(Giuseppe Gagliano – lafionda.org) – Il 29 maggio 2025, nella gotica e “venerabile” sala del trono di Aquisgrana, là dove un tempo si incoronavano gli imperatori del Sacro Romano Impero, l’Unione Europea ha celebrato un altro dei suoi paradossi rituali: il conferimento del Premio Carlo Magno per la pace a Ursula von der Leyen, presidente della Commissione Europea. A prescindere dall’ironia involontaria che un simile riconoscimento porta con sé, ciò che colpisce è la distanza siderale tra la retorica ufficiale e la realtà delle scelte politiche che l’Unione Europea ha compiuto negli ultimi anni sotto la sua guida.

Il premio – ufficialmente pensato per onorare “l’unità, la pace e la cooperazione tra i popoli d’Europa” – è stato assegnato a una figura centrale nella militarizzazione della UE, nella sua subalternità agli Stati Uniti e nell’attiva complicità nella gestione della guerra in Ucraina. Perché, a dispetto delle cerimonie e delle lodi del comitato organizzatore, il mandato di von der Leyen è stato segnato da tutt’altro che un’iniziativa diplomatica di distensione: dalla corsa agli armamenti europei al supporto senza condizioni a Zelensky, dal sostegno alle sanzioni contro la Russia fino alla retorica bellicista a Bruxelles, tutto nel suo operato parla di escalation e divisione, non di pace.

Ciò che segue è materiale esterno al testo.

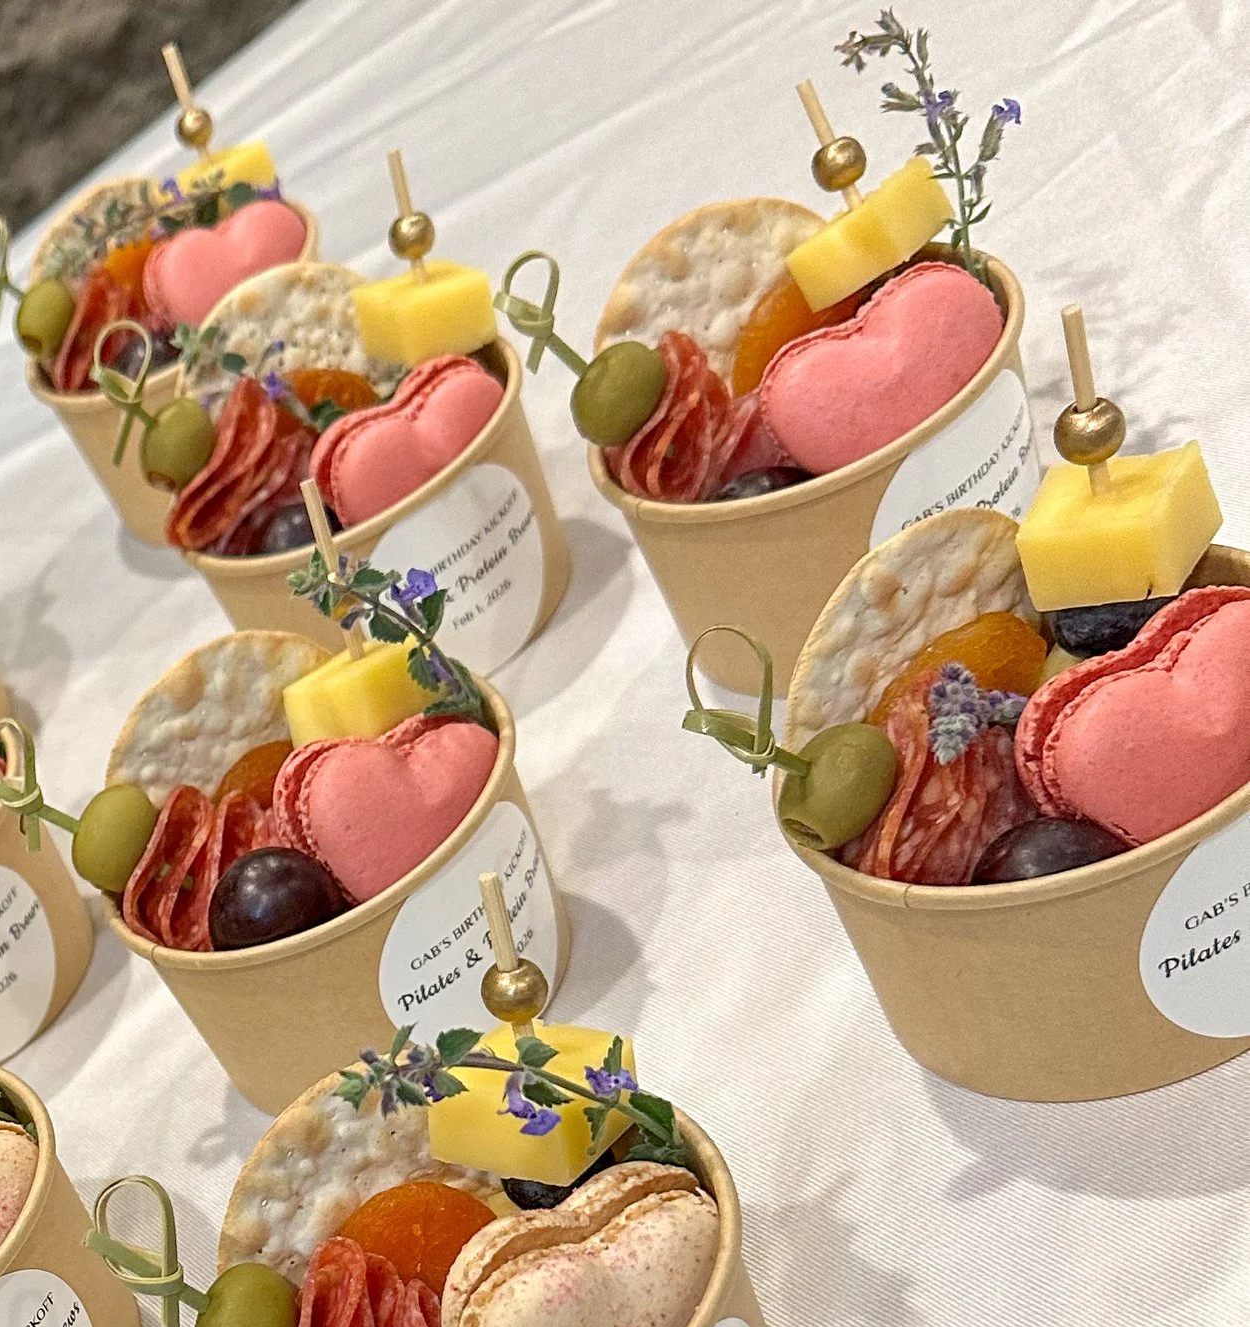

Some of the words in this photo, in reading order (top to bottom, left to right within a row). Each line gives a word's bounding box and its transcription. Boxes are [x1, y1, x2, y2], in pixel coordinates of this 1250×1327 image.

[946, 453, 999, 506] BIRTHDAY
[430, 531, 483, 575] IRTHDAY
[455, 547, 507, 593] Protein
[1185, 892, 1239, 930] GAB'S
[410, 936, 452, 971] GAB'S
[452, 903, 487, 941] BIRTH
[516, 928, 535, 953] 026
[1158, 929, 1241, 979] Pilates
[397, 968, 462, 1012] Pilates
[465, 948, 483, 968] &

Quando il Premio Carlo Magno diventa un’arma retorica

Fin dalla sua fondazione nel 1950, il Premio Carlo Magno è servito da specchio cerimoniale per riflettere – o meglio, costruire – l’immagine dell’Europa come soggetto morale. Eppure, negli ultimi anni, i destinatari del premio sembrano suggerire il contrario. Da Jean-Claude Juncker ad Angela Merkel, da Donald Tusk a Emmanuel Macron, fino all’incredibile assegnazione a Papa Francesco (2016), il premio è diventato un esercizio di legittimazione reciproca all’interno di una classe dirigente sempre più autoreferenziale.

Nel 2023, era toccato addirittura a Volodymyr Zelensky riceverlo. E oggi, come in una perfetta messinscena simbolica, egli ritorna ad Aquisgrana accanto a Ursula von der Leyen, come testimonial vivente dell’“unità” europea sotto le bombe.

A sancire il tono surreale della cerimonia di quest’anno è il contesto: blindatissimo, militarizzato, con le forze di sicurezza in massima allerta a causa delle recenti aggressioni armate nelle città tedesche. Una pace, quella celebrata, che ha bisogno di cordoni di polizia per esistere, e che sembra paradossalmente più fragile che mai.

La pace secondo Bruxelles: difendere la guerra, reprimere il dissenso

L’ironia più amara, però, è nel messaggio politico che questa scelta sottende. Premiare von der Leyen per la pace significa consacrare come “pacifiche” le strategie di deterrenza, riarmo, guerra per procura e censura che hanno caratterizzato la sua leadership. È un messaggio sinistro: la pace non è più un processo da costruire, ma un’etichetta da appiccicare su progetti di potere. La stessa Commissione che ha promosso la censura digitale, che ha perseguito il dissenso interno e che ha avallato misure draconiane sotto l’emergenza sanitaria, si erge oggi a garante della stabilità e dell’ordine. Ma a quale prezzo?

Mentre le élite si autogratificano, il tessuto sociale europeo si sfilaccia: aumento della povertà energetica, disgregazione delle classi medie, collasso dei servizi pubblici e una gioventù sempre più distante dalle narrazioni ufficiali. È questa la vera crisi dell’Unione Europea: la rottura tra il linguaggio istituzionale e l’esperienza quotidiana dei cittadini.

Ursula von der Leyen: costruttrice di unità o catalizzatrice del declino?

Alla fine, la domanda sorge spontanea: quale “unità europea” ha realmente costruito Ursula von der Leyen? Quella di un’Europa asservita all’atlantismo strategico, incapace di parlare con una voce autonoma nel contesto internazionale? O quella di un’Europa che reprime le proprie contraddizioni interne dietro la maschera di una pace astratta?

Ulrike Reisner, nell’articolo originale, pone questa domanda con amara ironia. Ma il sottotesto è serio. Non è più tempo di accontentarsi delle apparenze. La retorica premiale non può sostituire la verità politica. Se von der Leyen rappresenta la pace, allora è legittimo chiedersi che cosa sia diventata la guerra.